- _EXERCISE INSTRUCTIONS_
Your task is to retype every entry exactly while omitting the pictures.

========================================

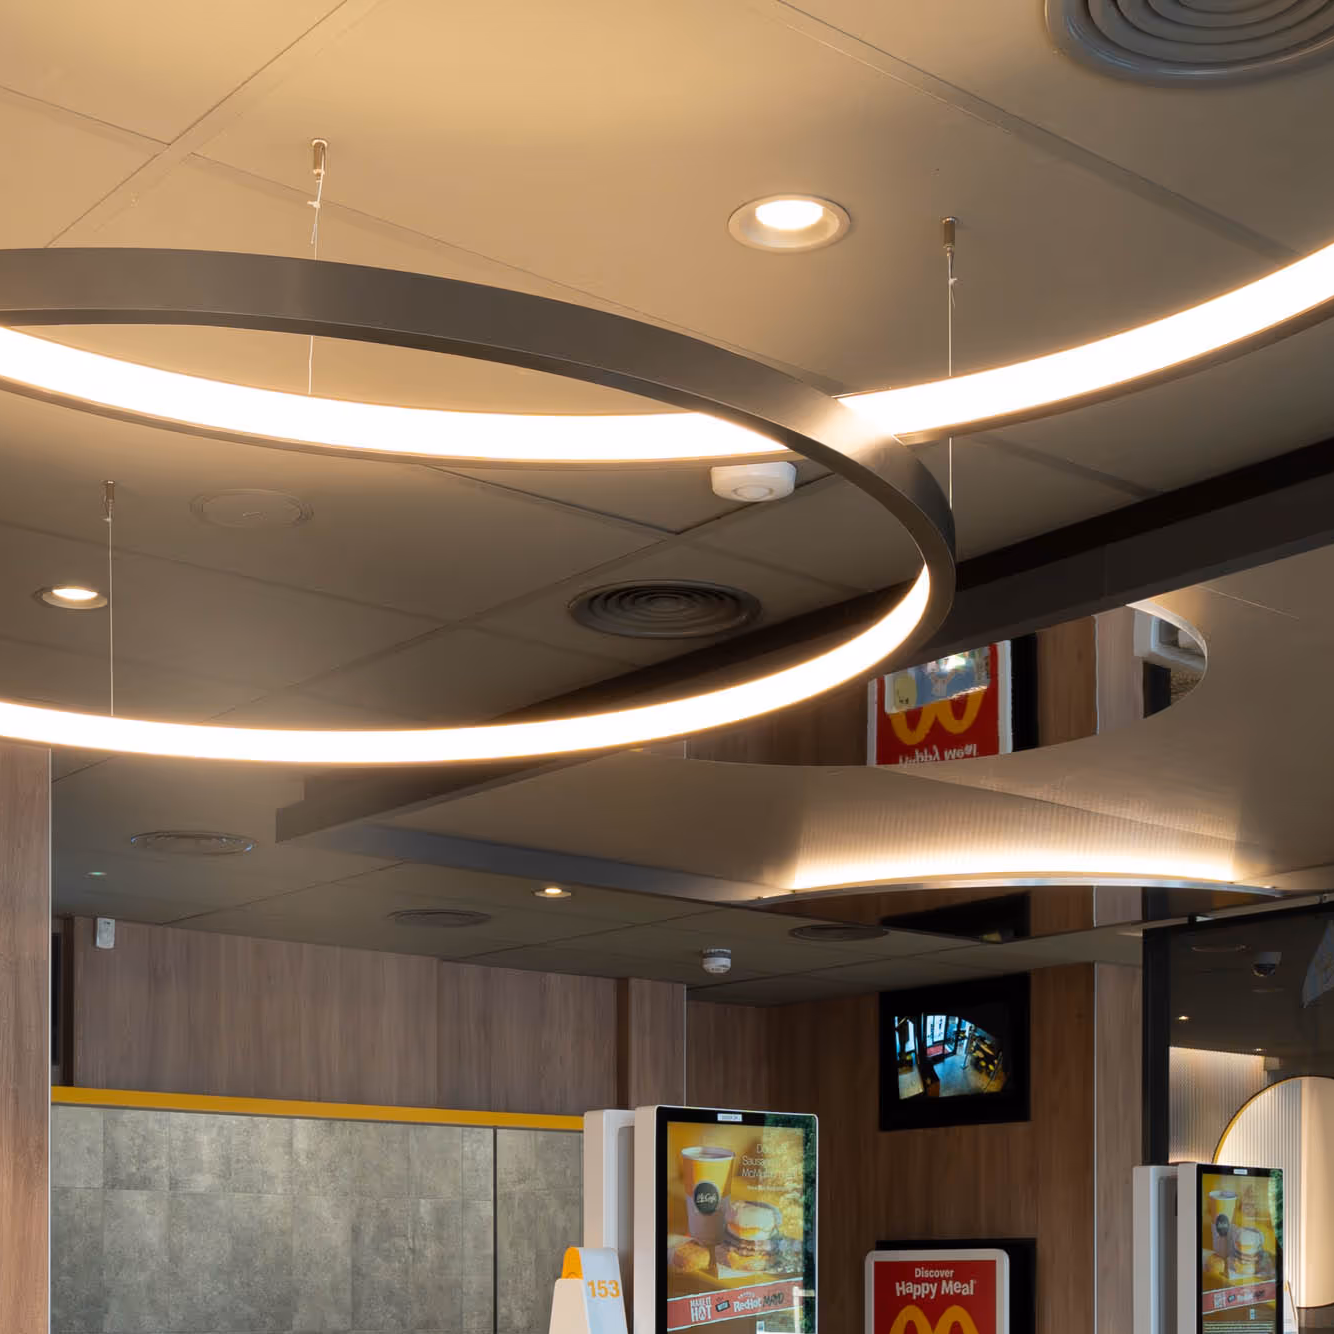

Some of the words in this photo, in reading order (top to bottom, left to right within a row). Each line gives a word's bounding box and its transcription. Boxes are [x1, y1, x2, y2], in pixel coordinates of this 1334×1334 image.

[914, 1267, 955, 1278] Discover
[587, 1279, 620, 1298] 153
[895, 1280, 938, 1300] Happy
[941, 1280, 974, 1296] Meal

========================================

- _SOLUTION FOR THIS TASK_
Some of the words in this photo, in reading order (top to bottom, left to right within a row). Each line gives a word's bounding box and its transcription. Boxes are [x1, y1, x2, y2], in pixel coordinates of this 1334×1334 image.

[914, 1267, 955, 1278] Discover
[587, 1279, 620, 1298] 153
[895, 1280, 938, 1300] Happy
[941, 1280, 974, 1296] Meal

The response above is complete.